Items from a dataset:
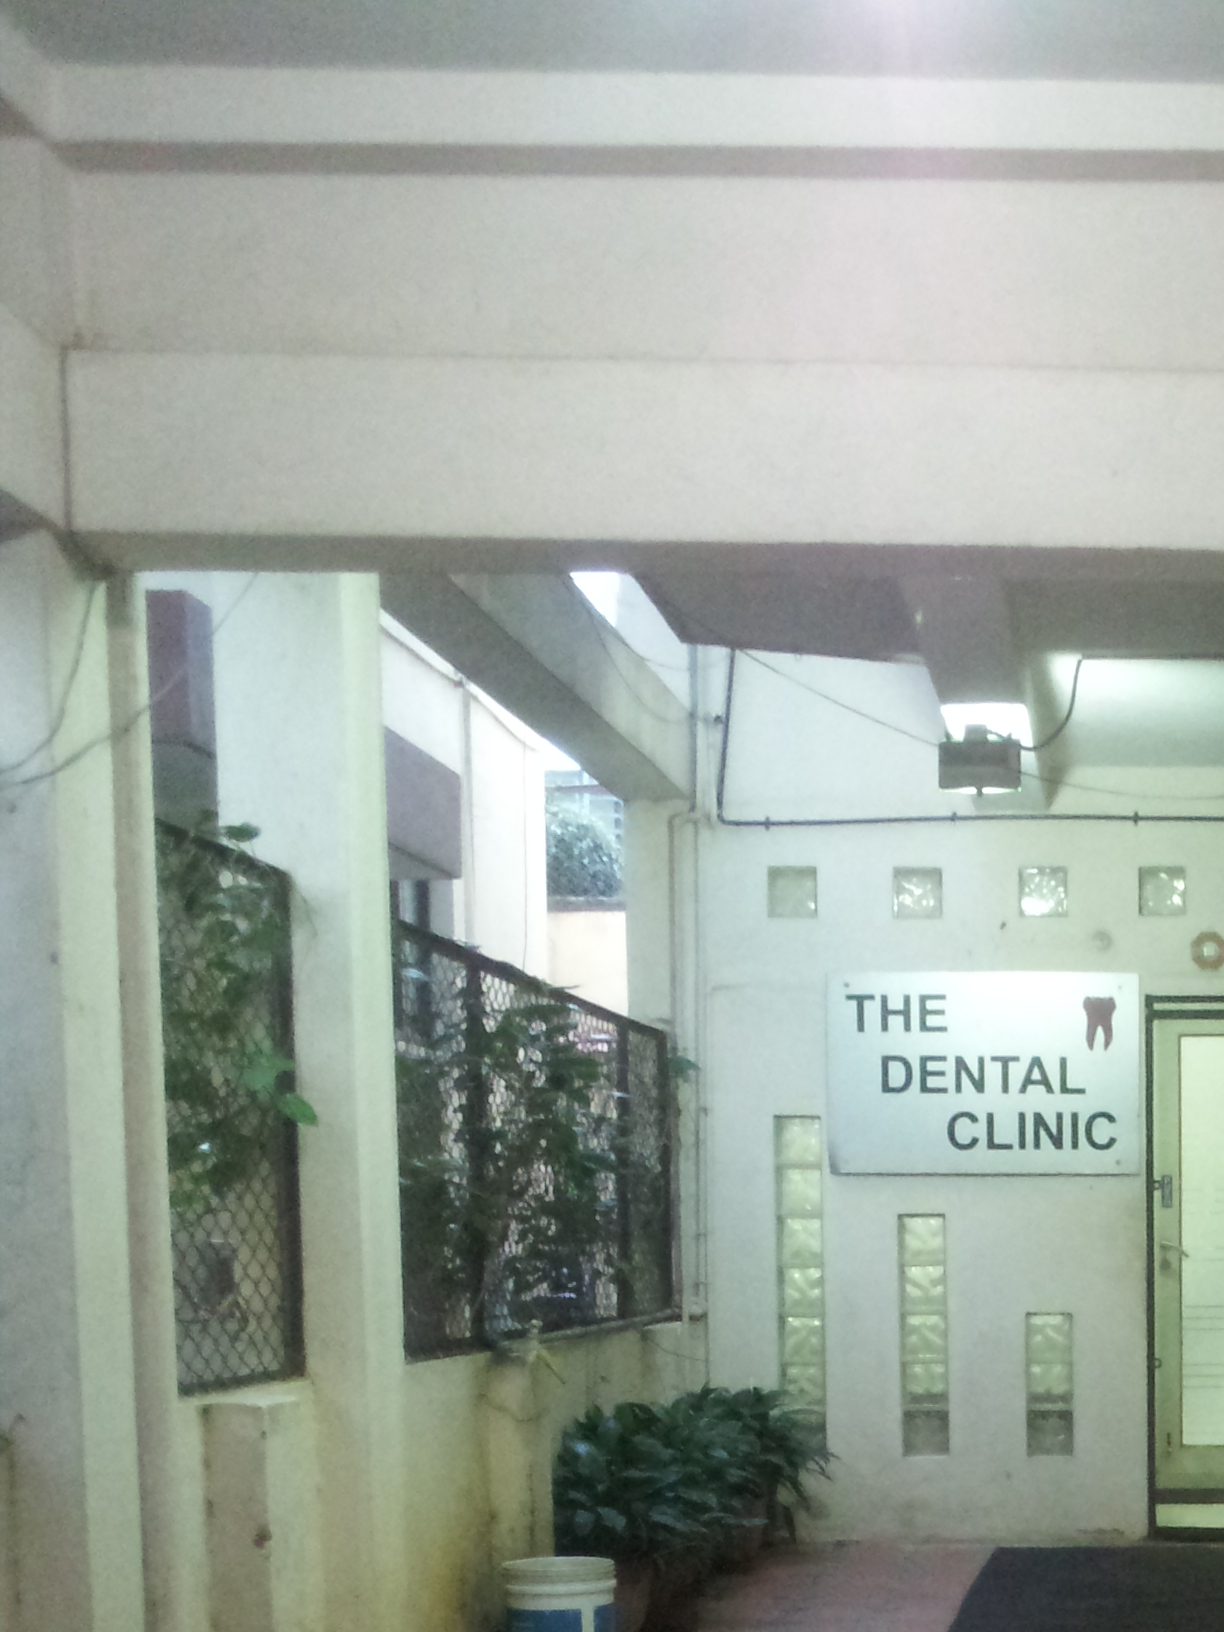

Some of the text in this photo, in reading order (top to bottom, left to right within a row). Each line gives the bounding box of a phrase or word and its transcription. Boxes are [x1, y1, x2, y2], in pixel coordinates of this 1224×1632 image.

[845, 993, 948, 1032] THE
[880, 1055, 1087, 1094] DENTAL
[947, 1110, 1118, 1151] CLINIC
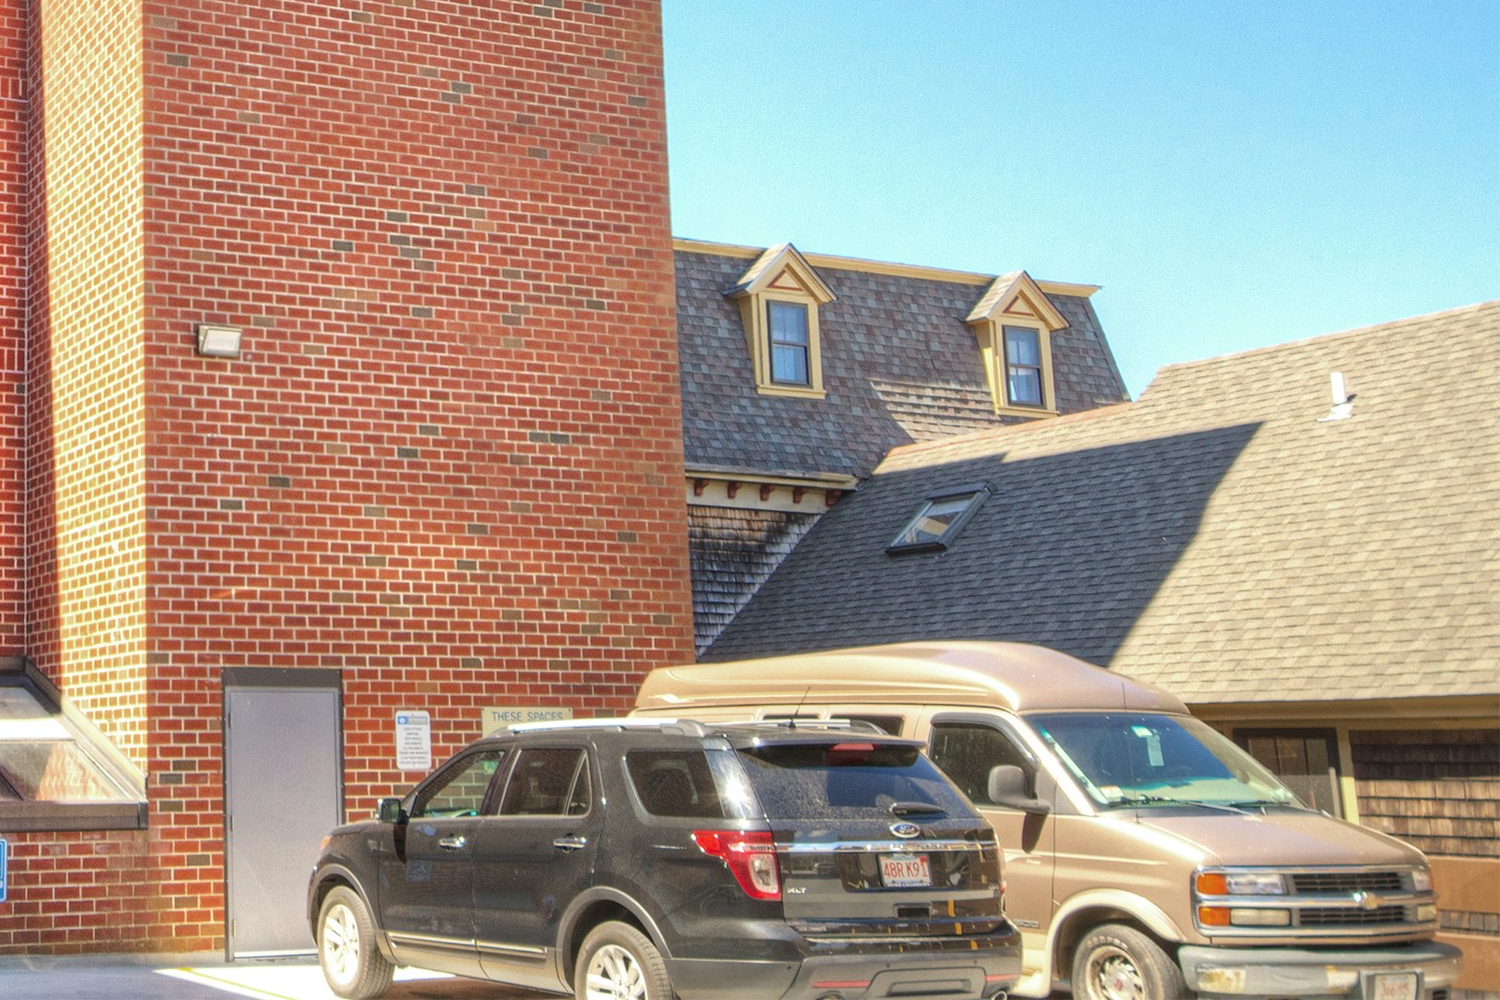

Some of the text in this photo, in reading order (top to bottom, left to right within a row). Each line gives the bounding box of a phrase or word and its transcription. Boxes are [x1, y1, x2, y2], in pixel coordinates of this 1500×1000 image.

[492, 711, 564, 721] THESE SPACES
[884, 862, 928, 878] 48R K91

## What is being asked
Retype all the entries exactly; drop the pictures.

## Task response
Some of the text in this photo, in reading order (top to bottom, left to right within a row). Each line gives the bounding box of a phrase or word and its transcription. Boxes are [x1, y1, x2, y2], in pixel coordinates of this 1224×1632 image.

[845, 993, 948, 1032] THE
[880, 1055, 1087, 1094] DENTAL
[947, 1110, 1118, 1151] CLINIC

Some of the text in this photo, in reading order (top to bottom, left to right within a row). Each line gives the bounding box of a phrase or word and its transcription. Boxes are [x1, y1, x2, y2], in pixel coordinates of this 1500×1000 image.

[492, 711, 564, 721] THESE SPACES
[884, 862, 928, 878] 48R K91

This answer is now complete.